We are using Python3 vs Python2 as it is where the industry is going and projects are starting to support both with the expectation that a shift to Python3 will happen soon.
This problem is inspired by: https://www.hackerrank.com/challenges/defaultdict-tutorial
Your method should take in values representing the following:
- aList = list of strings
Your method called stringCount should print out a sorted alphabetically list of the strings and the number of that string in the list separated by a space on each line.
For an example:
alist = ["Hello", "Hello", "Bob"]
stringCount(alist)
This should print:
Bob 1
Hello 2
This problem is inspired by: https://www.hackerrank.com/challenges/introduction-to-regex
Your method isFloat should take in a string value and return a boolean if the given string is a Float or not. It is recommended that you leverage the python regular expression library for this; however, it is not required.

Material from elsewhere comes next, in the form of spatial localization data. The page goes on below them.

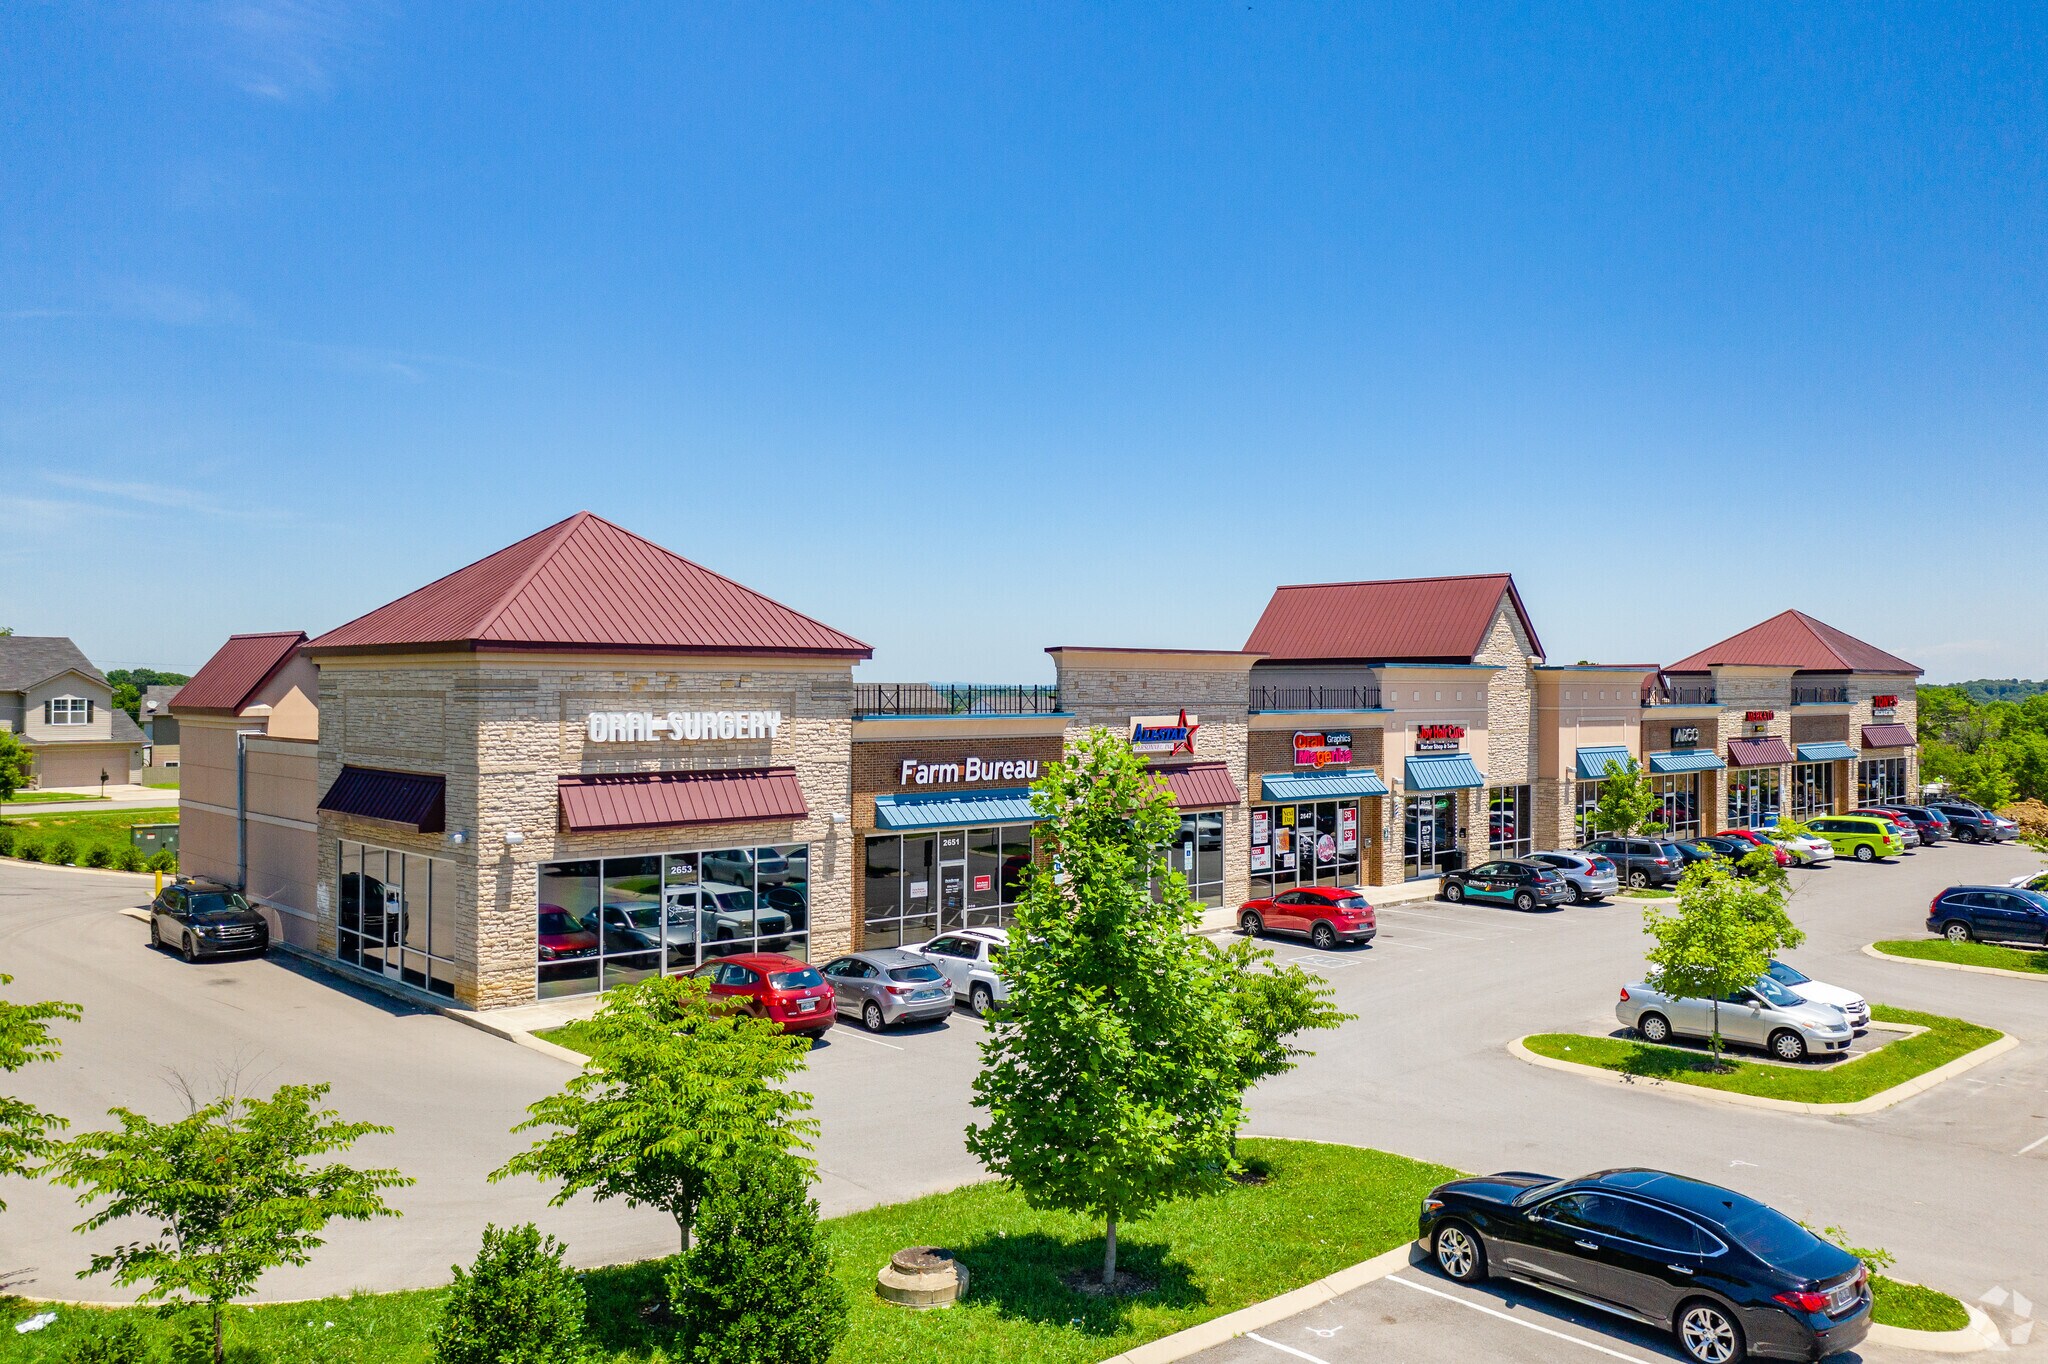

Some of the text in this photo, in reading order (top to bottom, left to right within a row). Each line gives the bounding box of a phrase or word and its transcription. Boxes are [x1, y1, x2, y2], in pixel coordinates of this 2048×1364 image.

[1875, 695, 1899, 707] TONY'S
[588, 711, 781, 742] ORAL SURGERY
[1326, 734, 1351, 745] Graphics
[1296, 748, 1353, 767] Magenta
[901, 757, 1038, 785] Farm Bureau
[943, 838, 960, 847] 2651
[671, 865, 693, 875] 2653

isFloat("4.0O0") #returns False
isFloat("-1.00") #returns True
isFloat("+4.54") #Returns True
An excellent resource on regex in python can be found here: https://www.machinelearningplus.com/python-regex-tutorial-examples/
The last part of this assignment will be building a simple linked list with two python3 classes called LinkedList and Node. We won't be directly interacting with the Node class so you could call that whatever you wish; however, that's what I would recommend. For reference you should look at the documentation for classes in Python3: https://docs.python.org/3/tutorial/classes.html
An example of your linked list class being used:
ll = LinkedList()
ll.insert(1)
ll.insert(2)
ll.printLL()
ll.delete(2)
ll.printLL()
if ll.search(2):
print("Value 2 found")
else:
print("Value 2 not found")
if ll.search(1):
print("Value 1 found")
else:
print("Value 1 not found")
ll.insert(4)
ll.printLL()
print(str(ll.size()))
This simple test of your LinkedList should output the following:
2 1
1
Value 2 not found
Value 1 found
4 1
2
If you haven't already create your CINS465 repo through the form on my website, you'll need the GitHub Token given out in lecture to do so.

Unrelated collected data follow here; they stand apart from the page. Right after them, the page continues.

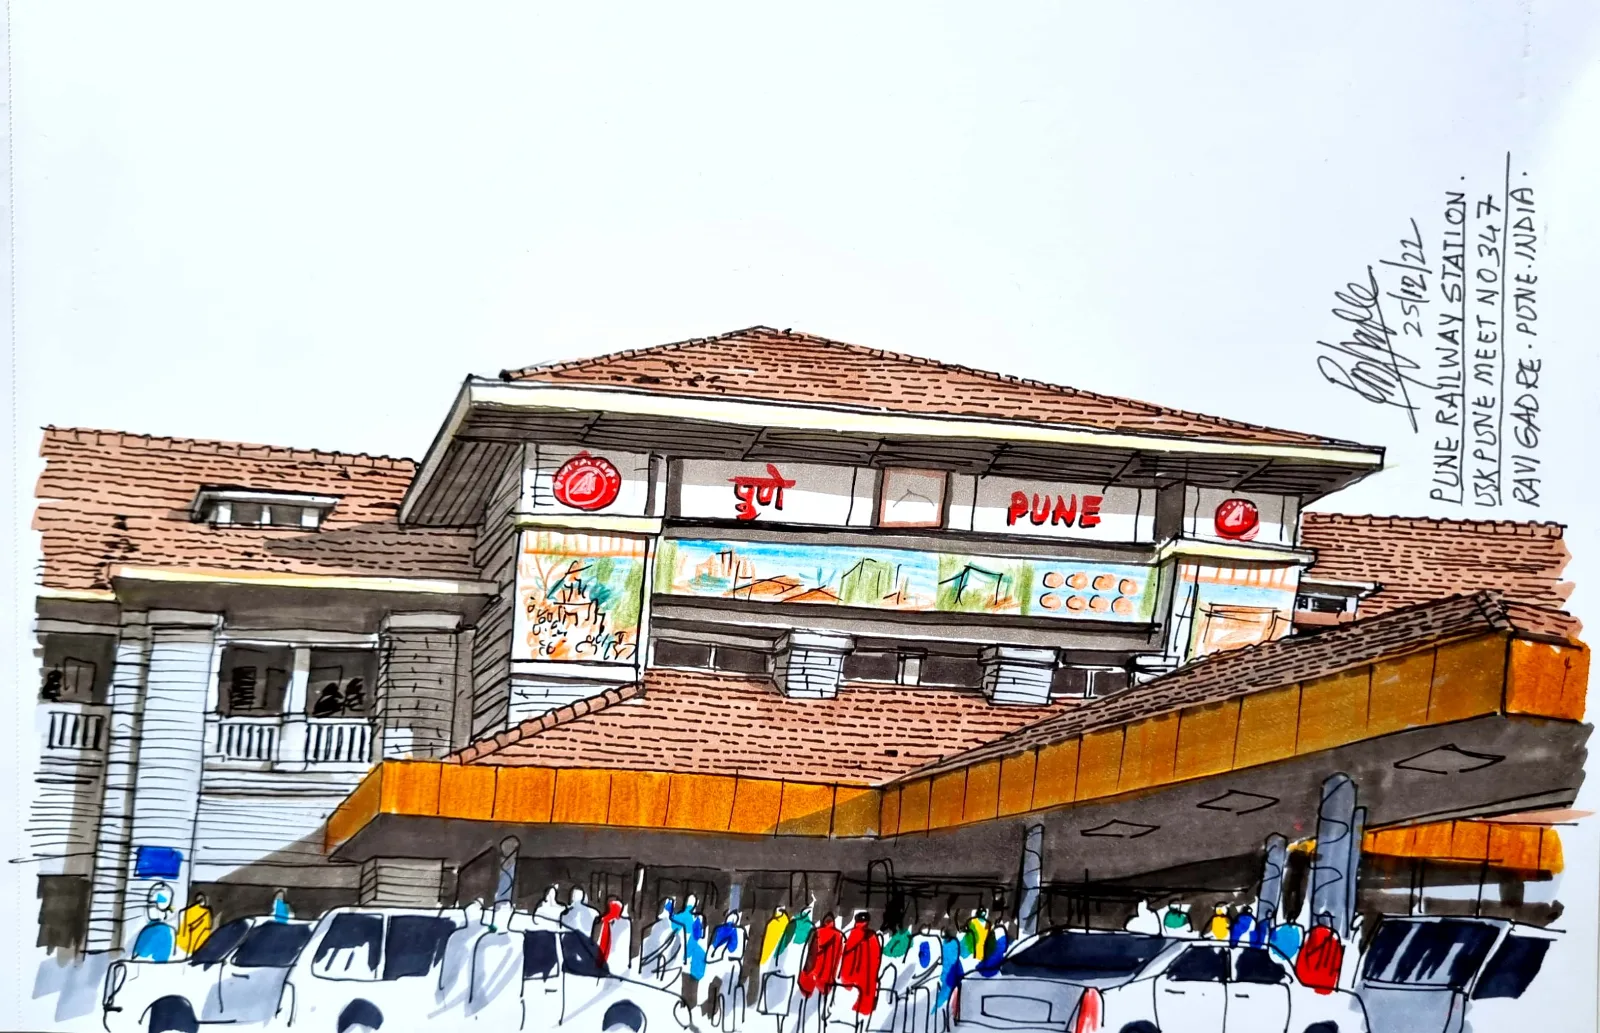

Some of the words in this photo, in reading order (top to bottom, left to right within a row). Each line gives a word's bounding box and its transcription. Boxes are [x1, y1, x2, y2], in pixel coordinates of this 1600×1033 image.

[1477, 194, 1500, 267] 347
[1379, 218, 1432, 337] 25/12/22
[1476, 269, 1499, 305] NO
[1435, 314, 1463, 426] RAILWAY
[1474, 315, 1496, 385] MEET
[1472, 396, 1496, 462] PUNE
[728, 463, 796, 520] पुणे
[1430, 437, 1462, 504] PUNE
[1511, 455, 1541, 507] RAVI
[1007, 490, 1103, 528] PUNE

The code should be submitted to your CINS465 on a branch named assignment1, make sure your case is identical for your branch or I may not find/grade your submission. To do this you can do the following in your repo directory, it assumes you want to add all the code in the directory:
git checkout -b assignment1 #create branch and switch to it
git add -A #add all
git commit -m "Assignment 1 Submission" #Commit changes to branch
git push --set-upstream origin assignment1 #Push code up to assignment2 branch on remote
Your assignment1.py file will be loaded into a grading script python file as an external library and directly called. Your submission should just provide the correct implementation. Unless the function or method of the class explicitly should print your code should have no debugging output.